Though the famous story is too abridged for a general recommendation, what with songs, commercials & a bookend sequence fitted to a one-hour tv time-slot, in many respects this groundbreaking animated Christmas Special is both unexpectedly faithful to its source and unexpectedly memorable. The trick to the thing comes in having Quincy Magoo (impeccably voiced & sung, as always, by Jim Backus) play Scrooge in a manner that’s informed by the traits of his myopic cartoon character, but not overburdened by it. (It’s the same magical balance of character comedy that George Cukor & W. C. Fields so famously managed on Micawber in DAVID COPPERFIELD/’35.) The simplified animation style of UPA, Magoo’s home studio, with its flat washes of color & uncluttered graphics, worked well with the limited television production methods of the time, and the show still looks charming on today’s larger screens. The line-up of Christmas Spirits is reordered: Present; Past; Yet-To-Come; presumably to put more space between the introduction of the big Christmas song and its reprisal at the end. It also holds off the two strong ballads Jules Styne & Bob Merrill cooked up for the Christmas Past sequence so they appear right in the middle of the show.* The two waïfs, Ignorance & Want, have gone missing, as does Ebenezer’s nephew & his crew, and the scarier elements are downplayed. But there’s a knockout background layout for the cemetery scene, done in the manner of Edvard Munch. One of many nice surprises in this unassuming winner.
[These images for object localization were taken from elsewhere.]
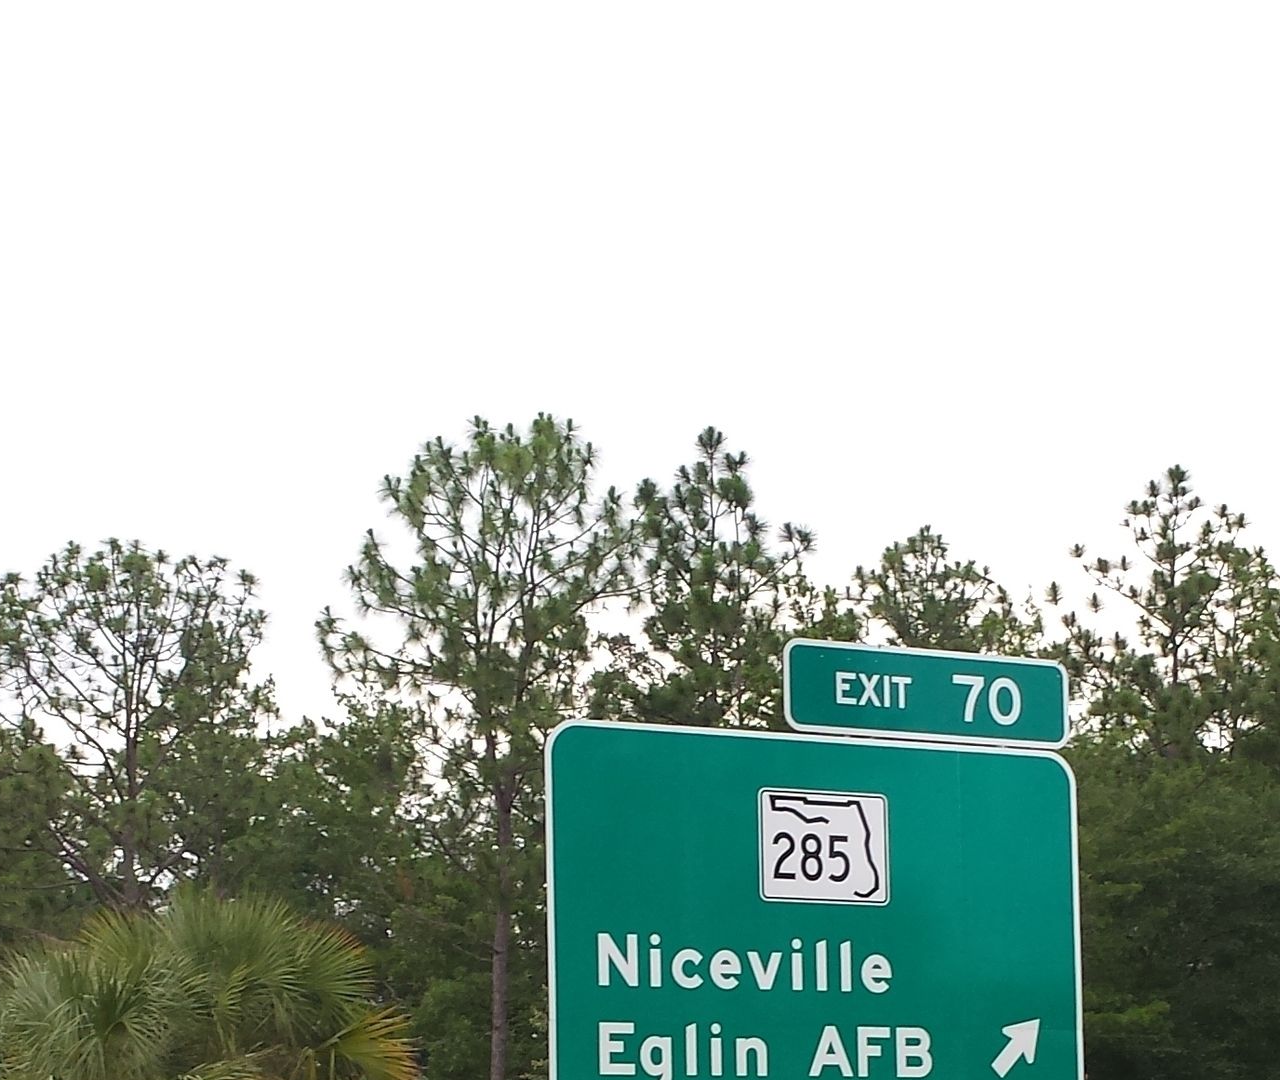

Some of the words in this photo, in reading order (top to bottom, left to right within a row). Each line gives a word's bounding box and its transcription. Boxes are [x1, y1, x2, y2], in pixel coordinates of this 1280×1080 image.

[835, 672, 912, 709] EXIT
[952, 675, 1022, 725] 70
[772, 832, 850, 881] 285
[597, 933, 893, 994] Niceville
[808, 1025, 933, 1078] AFB
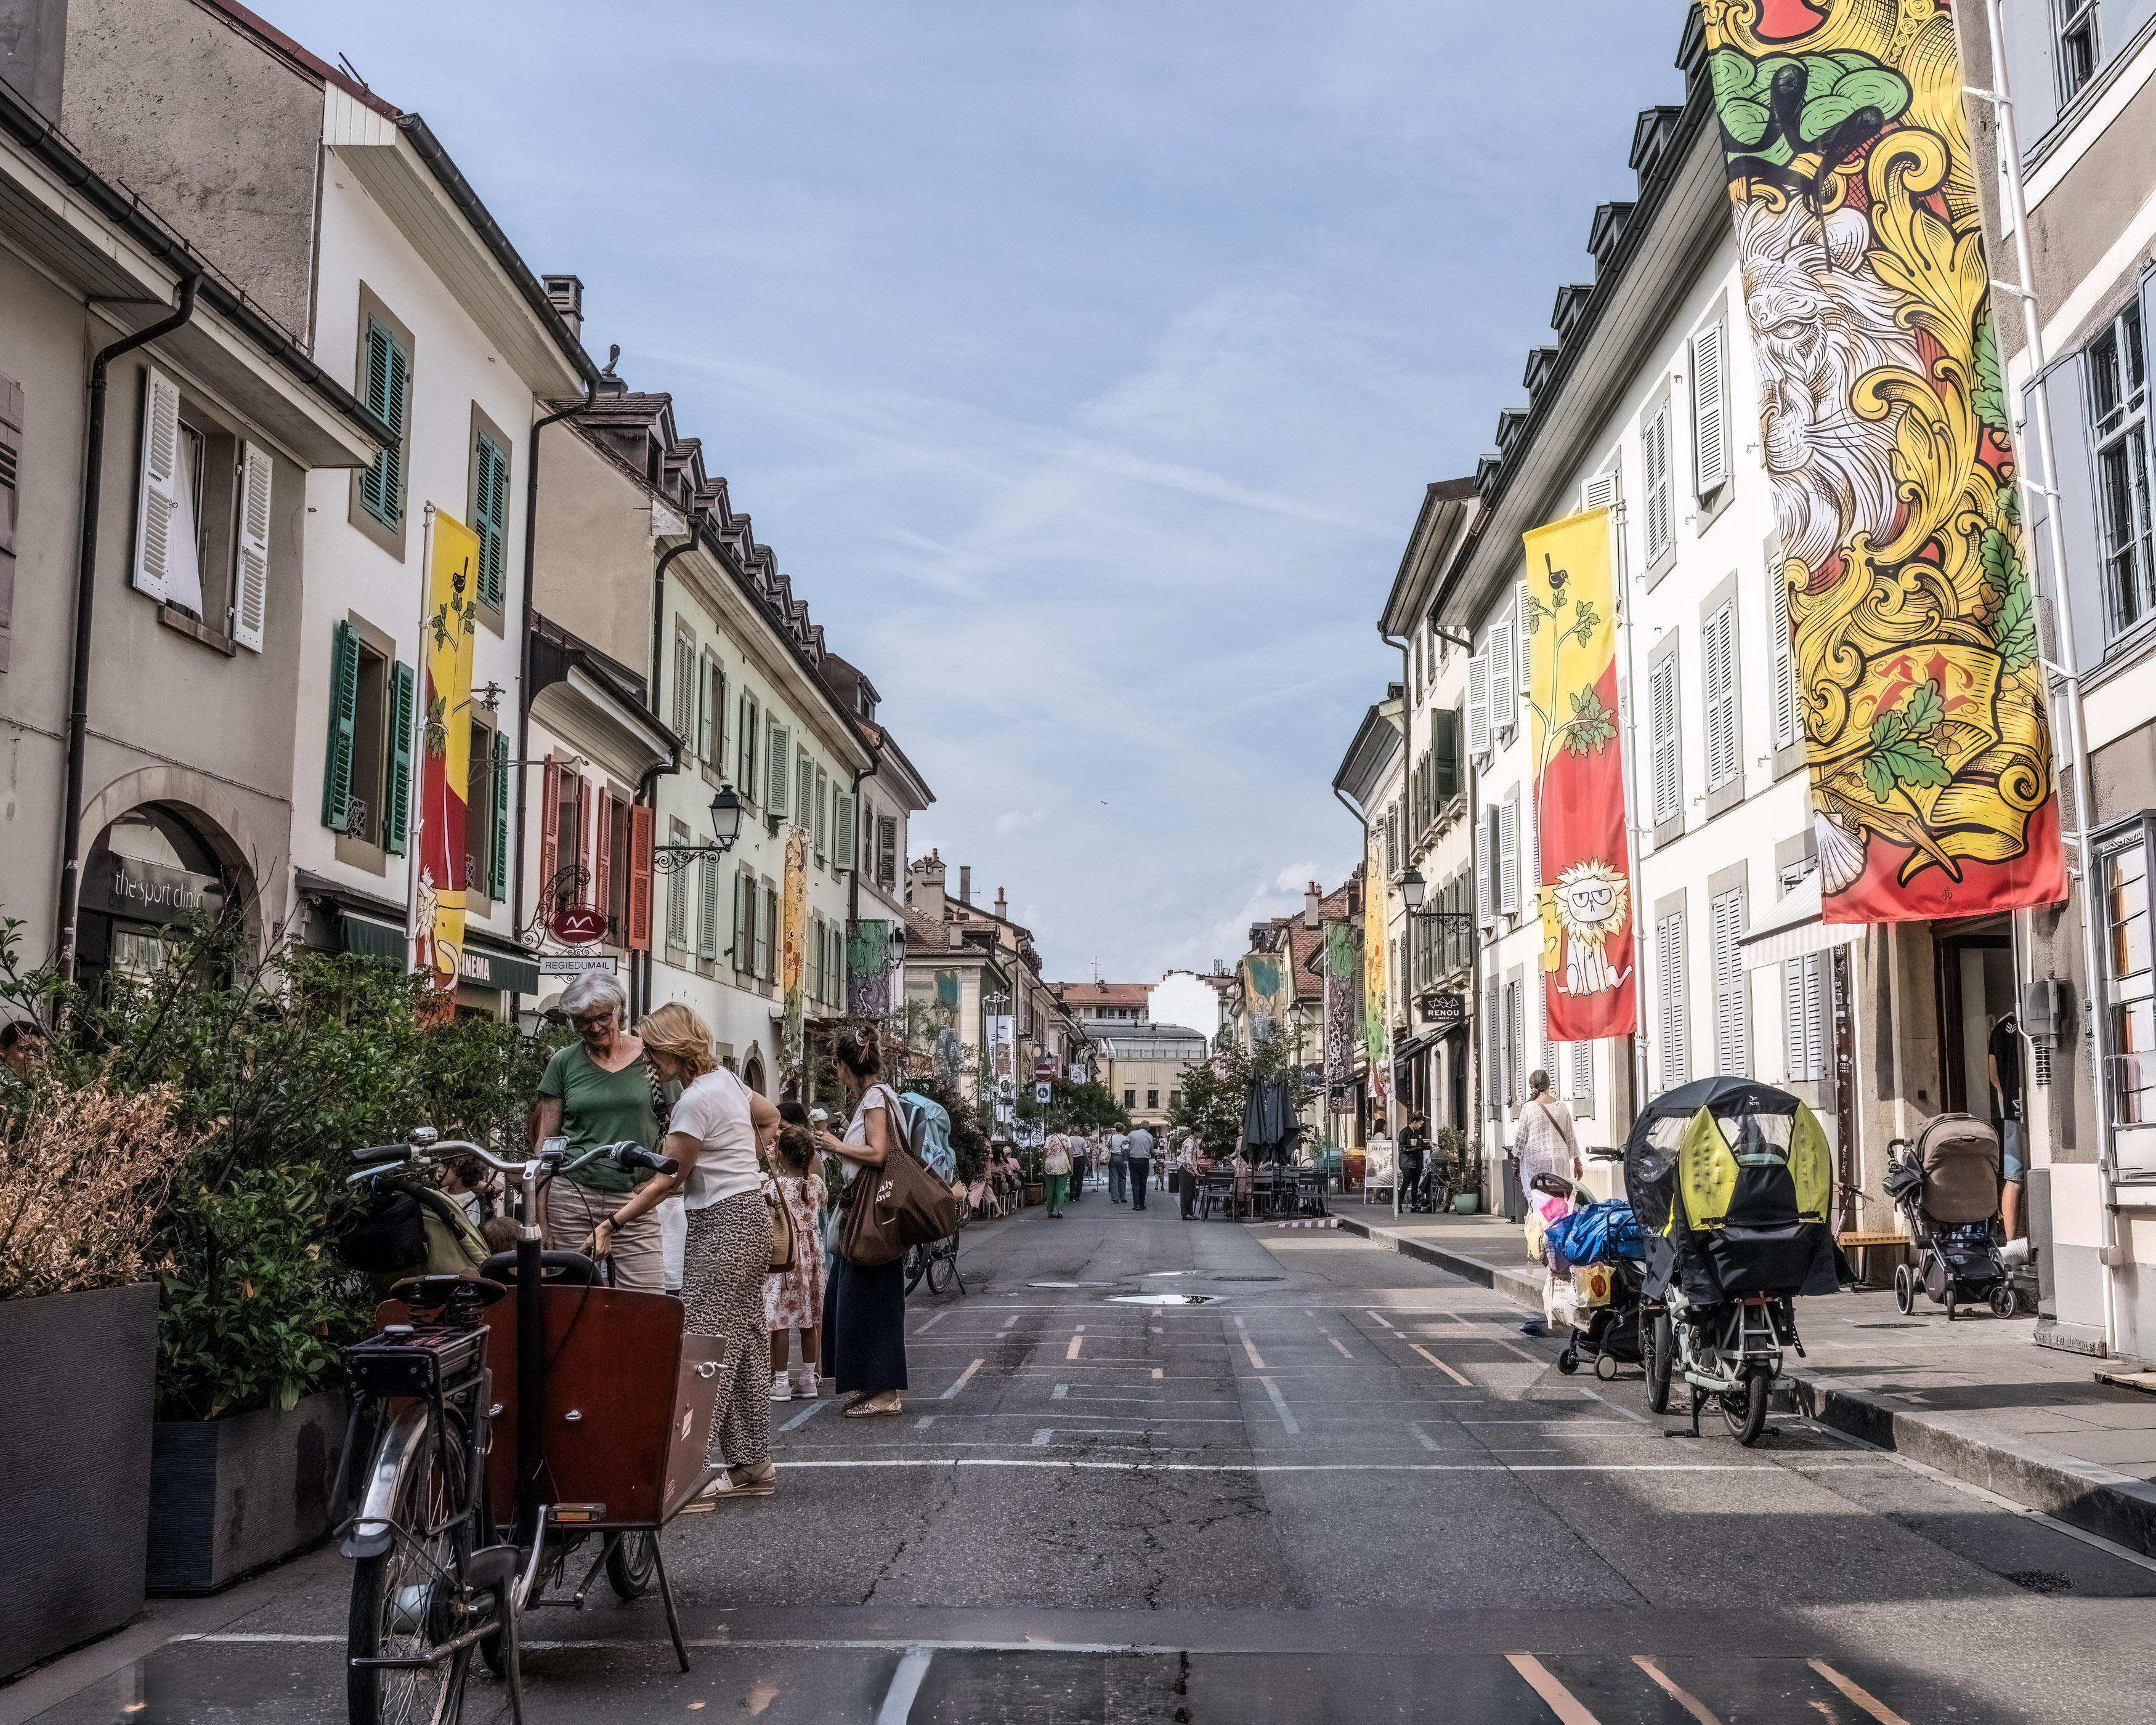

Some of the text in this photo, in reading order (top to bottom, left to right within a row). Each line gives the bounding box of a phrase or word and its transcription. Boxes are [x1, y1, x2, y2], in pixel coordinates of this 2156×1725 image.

DOUBLE-BILL: This is, on the whole, the best of the four CHRISTMAS CAROLs done in B’way Musical style. SCROOGE/’70 works too hard at being OLIVER!-II. An amazing cast makes it sound tempting, but take care!, Leslie Bricusse’s annoyingly generic tunes can really get stuck in your head. THE MUPPET CHRISTMAS CAROL/’92 feels like an idea no one sparked to, or perhaps a contract that needed to be filled. And Alan Menken’s actual stage version, A CHRISTMAS CAROL: The Musical/’04, which triumphed in its last holiday season with Jim Dale playing Scrooge, was completely miscast for the TeleFilm. Best to stick with the songless Alastair Sims version from 1951 which ‘sings’ pure Dickens.
SCREWY THOUGHT OF THE DAY: *Hard to believe, but a third ballad was discarded by the songsters at the time, only to be repurposed a few years later for FUNNY GIRL as ‘People.’